──────── Available data ────────

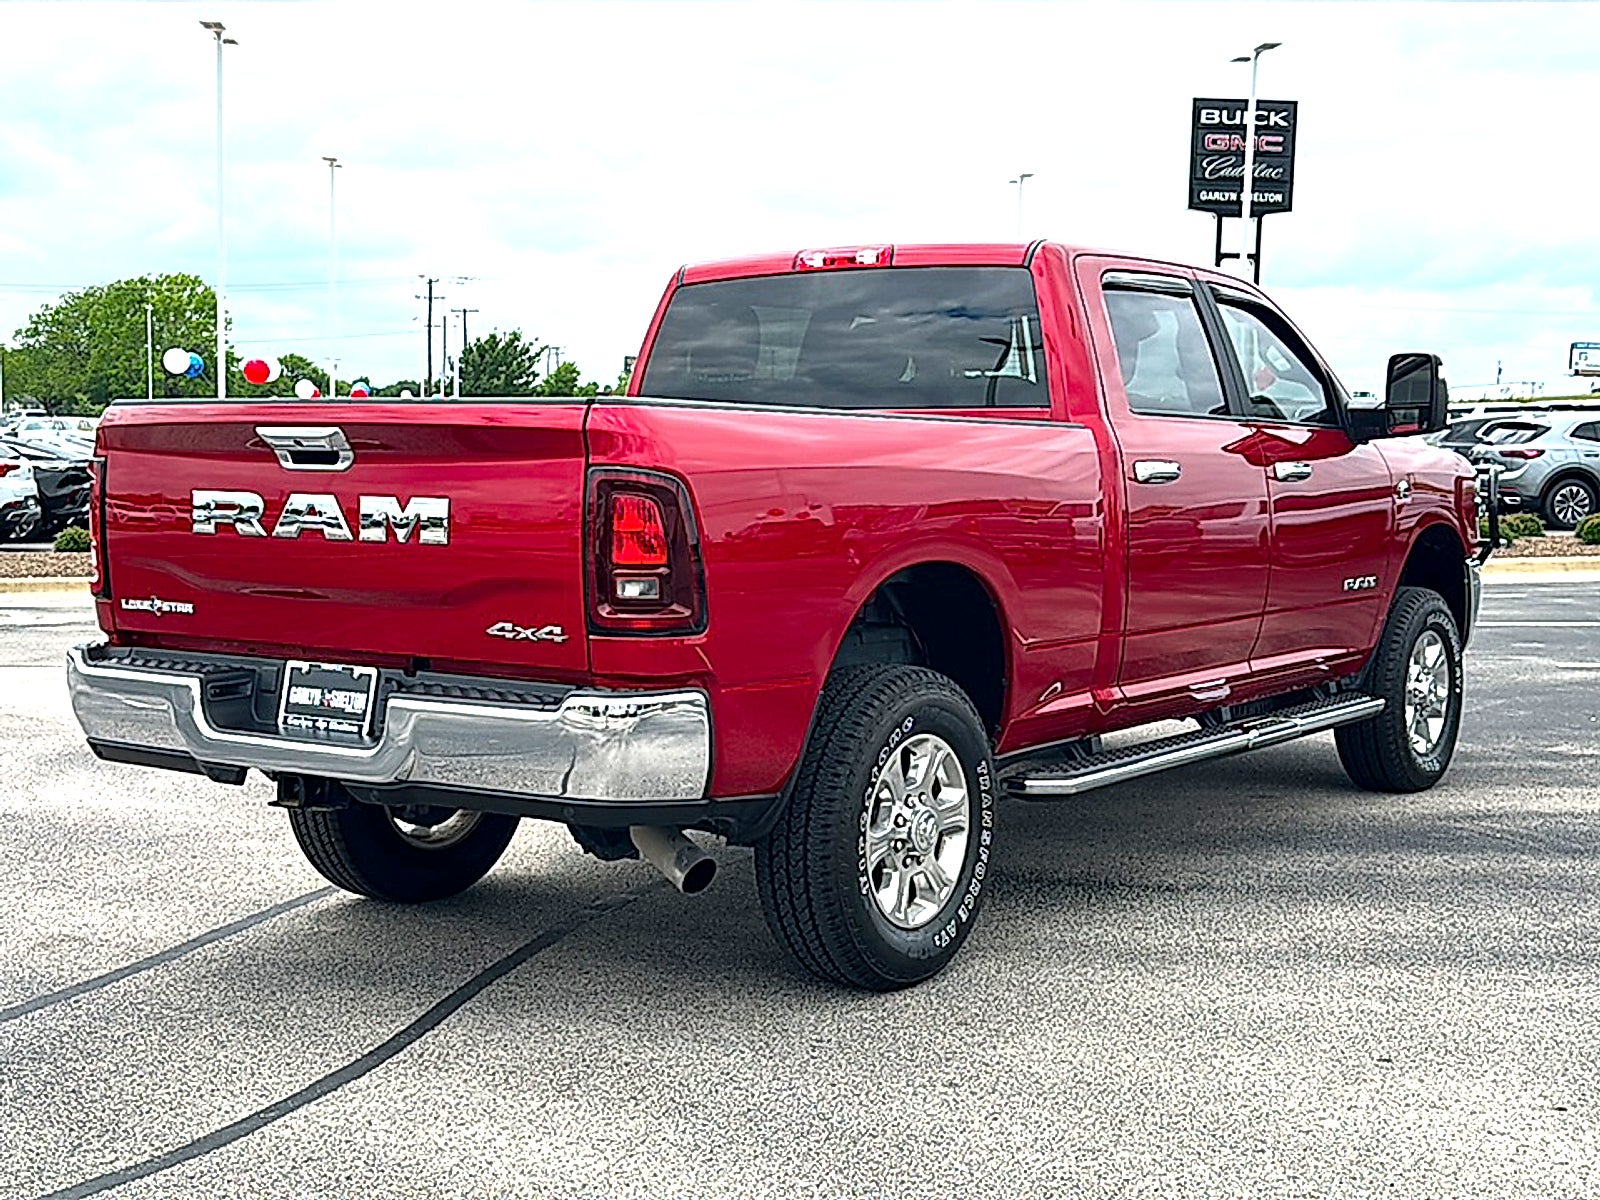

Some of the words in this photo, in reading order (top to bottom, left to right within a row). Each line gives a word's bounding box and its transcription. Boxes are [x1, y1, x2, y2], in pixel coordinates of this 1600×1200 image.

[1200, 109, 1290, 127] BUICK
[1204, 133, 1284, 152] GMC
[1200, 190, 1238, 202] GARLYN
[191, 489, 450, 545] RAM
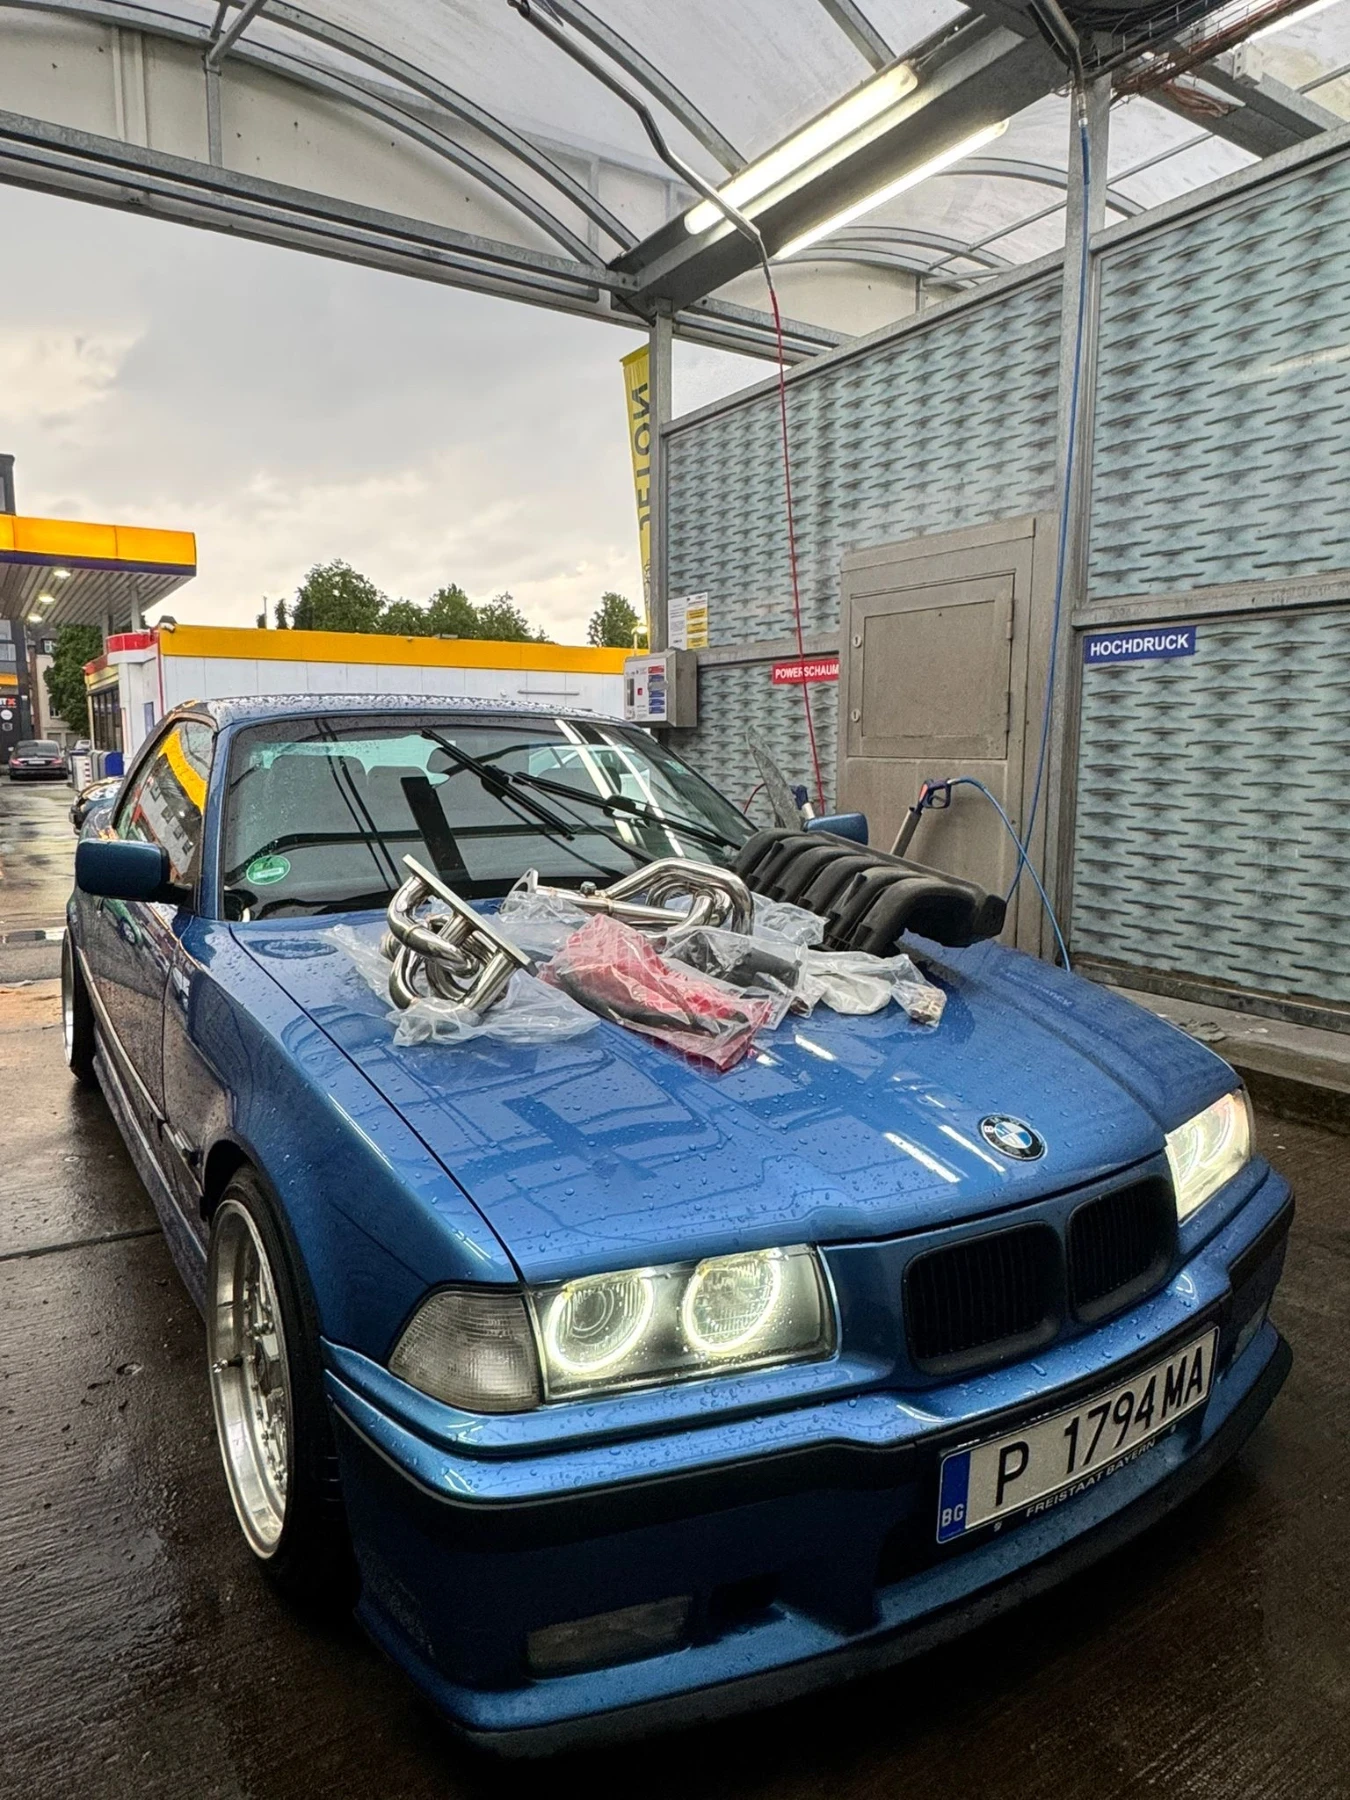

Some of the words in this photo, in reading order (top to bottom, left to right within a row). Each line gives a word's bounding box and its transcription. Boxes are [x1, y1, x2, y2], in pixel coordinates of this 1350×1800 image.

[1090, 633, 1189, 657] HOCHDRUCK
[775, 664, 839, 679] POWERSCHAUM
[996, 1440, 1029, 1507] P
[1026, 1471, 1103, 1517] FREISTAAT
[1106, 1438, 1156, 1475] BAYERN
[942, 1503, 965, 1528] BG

────────

Return only this span, exactly: the line that contains "this 1350×1800 image." and all lines after it to the end of the records.

Some of the words in this photo, in reading order (top to bottom, left to right within a row). Each line gives a word's bounding box and its transcription. Boxes are [x1, y1, x2, y2], in pixel coordinates of this 1350×1800 image.

[1090, 633, 1189, 657] HOCHDRUCK
[775, 664, 839, 679] POWERSCHAUM
[996, 1440, 1029, 1507] P
[1026, 1471, 1103, 1517] FREISTAAT
[1106, 1438, 1156, 1475] BAYERN
[942, 1503, 965, 1528] BG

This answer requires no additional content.